Chinese Song Dynasty female singer

Li Shishi (?-?) was a courtesan(歌妓 / 歌伎 (Jiǎojì)) from Bianjing (now Kaifeng), the capital of the Song Empire. At the time, courtesan refers to women who engaged in the performing arts for a living, and their scope of work included: singing, dancing, reciting poetry and painting during the Northern Song dynasty (960 - 1127). According to Gui Er Ji (貴耳集 (贵耳集, 貴耳集)) written by Zhang Duanyi (张端义 (張端義)), Emperor Huizong was a regular patron of hers. She fled to Zhejiang or Hunan (recorded in Da Song Xuanhe Yishi, 大宋宣和遗事 (大宋宣和遺事)) after the Jingkang Incident of the Jin–Song wars occurred in year 1127 AD, as recorded in Mo Man Lu (墨漫录 (墨漫彔)) by Zhang Bangji (张邦基 (張邦基)).

==Early life==
Born Wang Shishi, her mother died soon after her birth. Her father fed her bean starch to keep her alive. Her father, Wang Yin, was worker in a clothing pigment factory in Bianjing. When Li Shishi was four, her father was jailed for delaying an Imperial textile order. He later died in prison. Li went at first to an orphanage but was later taken in by a courtesan named Li Yun, who owned a song and dance venue. Li Yun changed the girl's surname to Li. (Her given name, Shishi, has Buddhist connotations. Li Shishi was taken to the entertainment district Jinqian Xiang and put to work as a young courtesan.

==As a singer==
Li Shishi was renown for her beauty and artistic abilities.Li Shishi is a famous "little singing(小唱)" female singer in the Northern Song Dynasty. She is at the top of the list. Her representative songs include "Shaonian You(少年游)", "Lanling King(兰陵王)", "Da ming(大酩)" and "Six Ugly(六丑)", all of which were written by Zhou Bangyan. Amongst her admirers were the renowned poet and bureaucrat Zhou Bangyan and the outlaw Song Jiang.

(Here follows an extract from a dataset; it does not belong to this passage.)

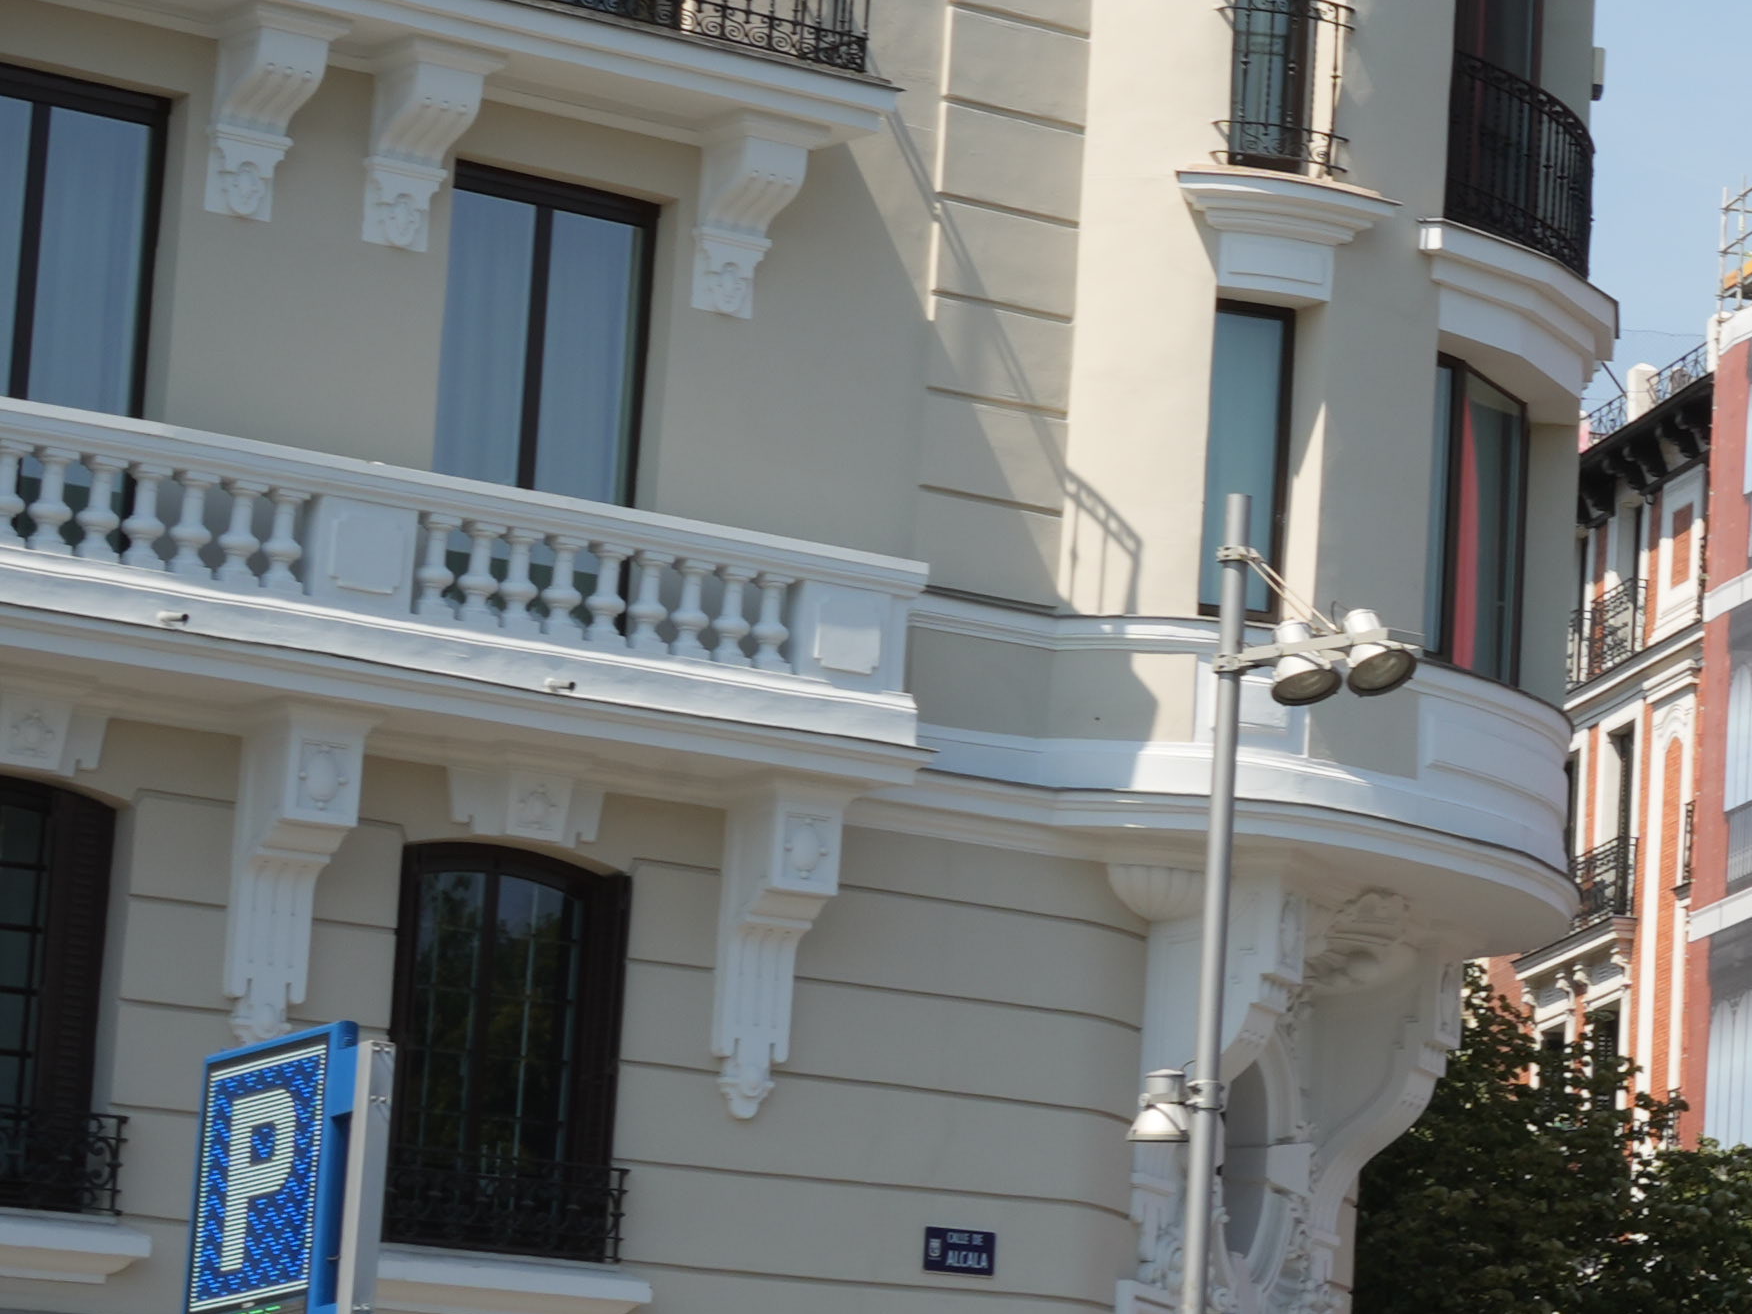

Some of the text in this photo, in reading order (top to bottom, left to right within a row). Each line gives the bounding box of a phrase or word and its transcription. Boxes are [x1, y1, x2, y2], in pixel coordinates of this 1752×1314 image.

[220, 1088, 296, 1273] P
[946, 1231, 985, 1245] CALLE DE

Her reputation spread to the Emperor, Huizong, who visited her disguised as a businessman in 1109. Her charm and elegance led him to visit her whenever he could after the meeting. Their relationship became an open secret in Bianjing. Huizong had a tunnel dug from the palace to Li Shishi's house. Some sources relate that Li Shishi moved into the Emperor's palace and was given the title Lady of Ying State and Li Mingfei (李明妃). Part of the story is told in the classic novel, the Water Margin.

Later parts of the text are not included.